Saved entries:
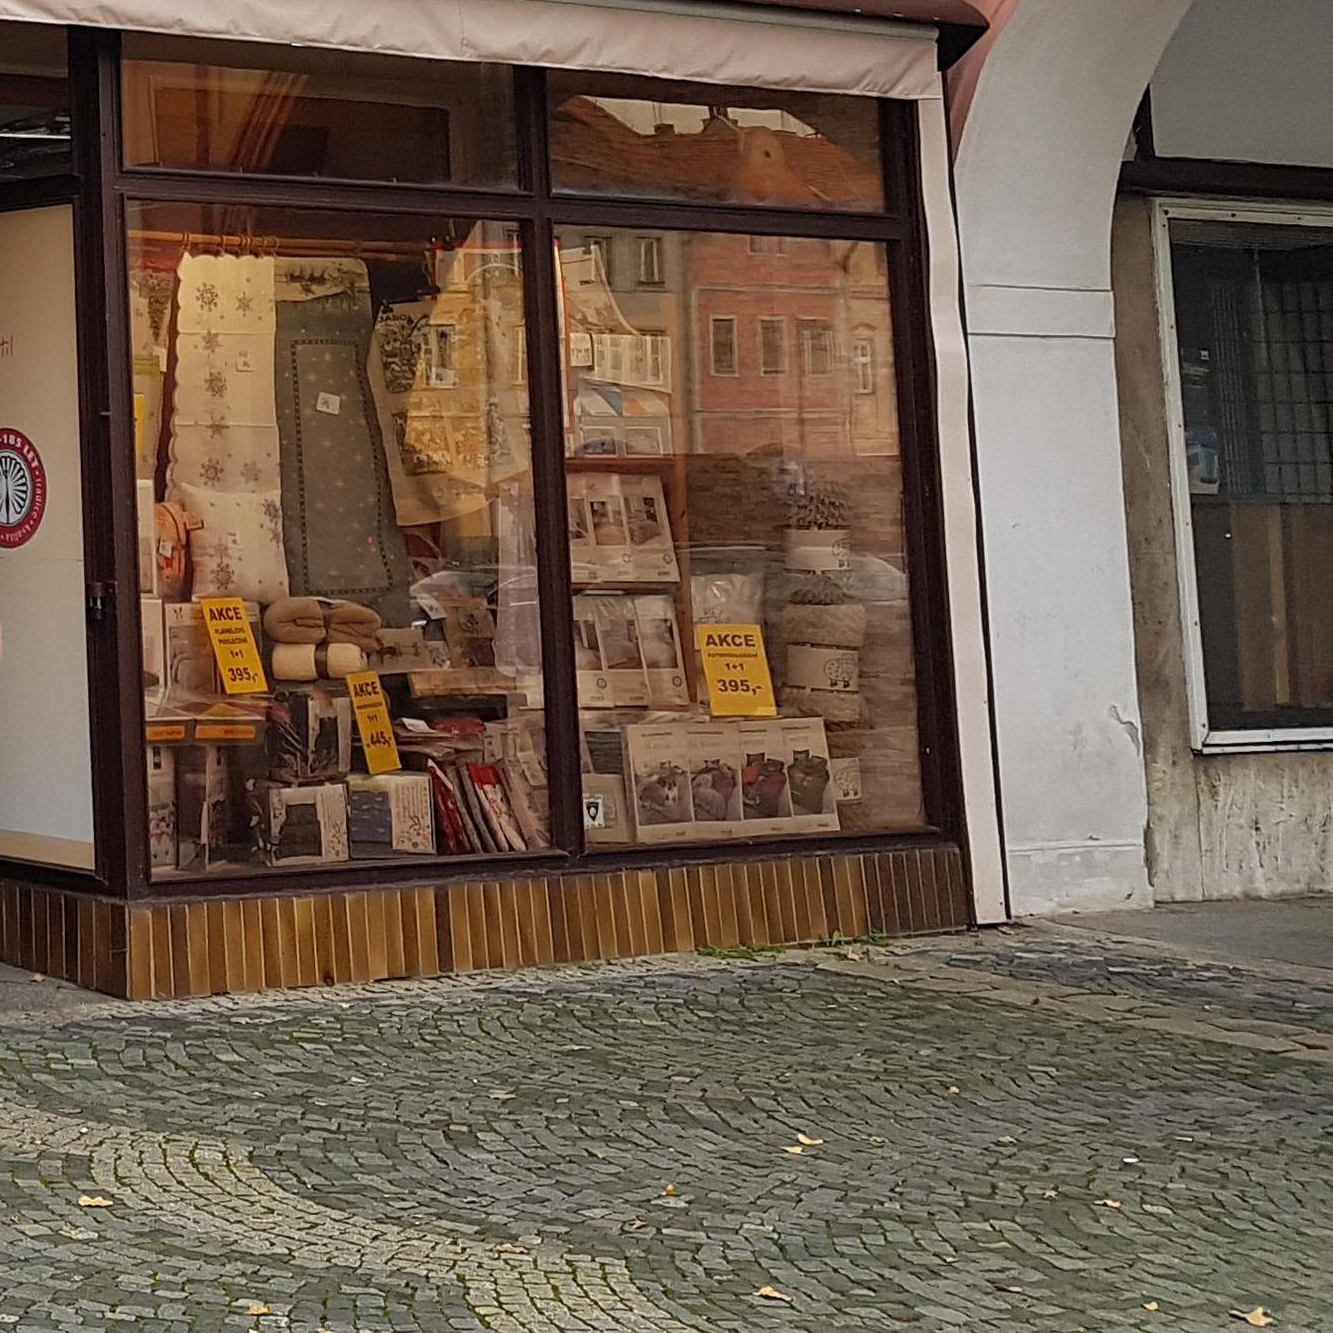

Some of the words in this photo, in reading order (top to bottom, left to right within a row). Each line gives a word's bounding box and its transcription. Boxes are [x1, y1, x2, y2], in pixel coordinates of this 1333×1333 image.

[23, 445, 40, 468] LET
[209, 607, 243, 621] AKCE
[706, 634, 756, 647] AKCE
[228, 667, 259, 683] 395,-
[353, 682, 379, 697] AKCE
[717, 679, 763, 695] 395,-
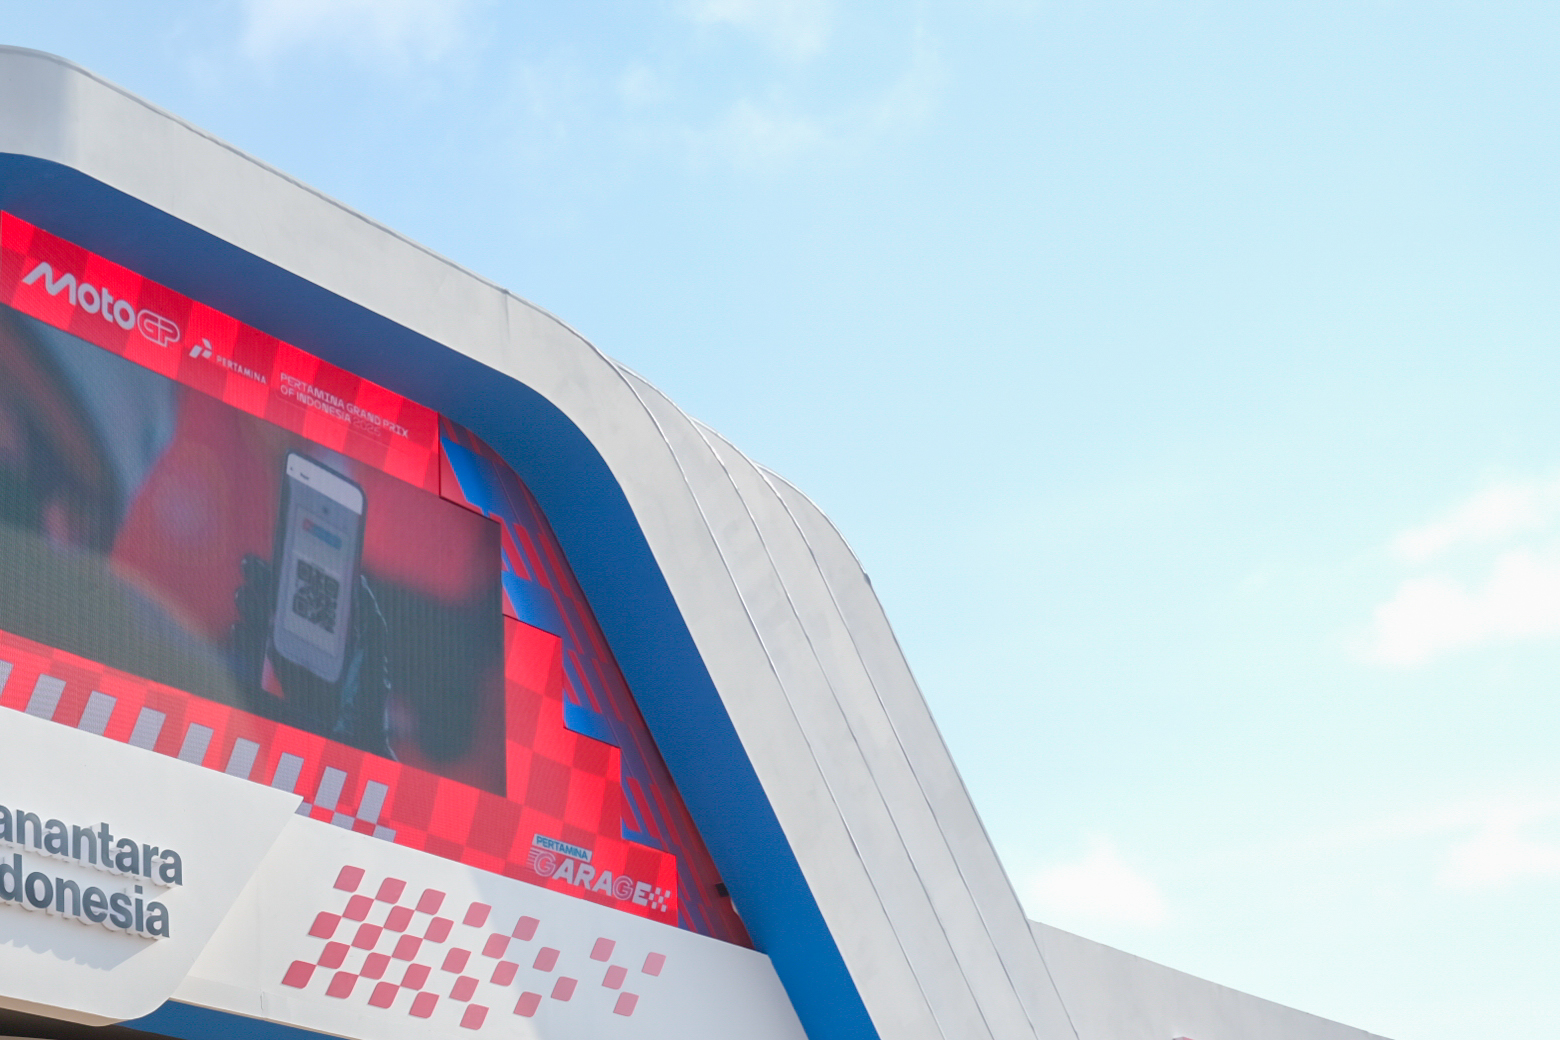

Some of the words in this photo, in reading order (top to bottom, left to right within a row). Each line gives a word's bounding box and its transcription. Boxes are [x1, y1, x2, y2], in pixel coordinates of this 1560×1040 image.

Task instructions:
Generate a word-for-word copy of the preceding records, excluding all pictures.

Response:
Some of the words in this photo, in reading order (top to bottom, left to right within a row). Each line gives a word's bounding box and its transcription. Boxes are [x1, y1, x2, y2], in pixel coordinates of this 1333×1333 image.

[23, 445, 40, 468] LET
[209, 607, 243, 621] AKCE
[706, 634, 756, 647] AKCE
[228, 667, 259, 683] 395,-
[353, 682, 379, 697] AKCE
[717, 679, 763, 695] 395,-

Some of the words in this photo, in reading order (top to bottom, left to right within a row). Each line gives a word's bounding box and its transcription. Boxes are [x1, y1, x2, y2], in pixel coordinates of this 1560×1040 image.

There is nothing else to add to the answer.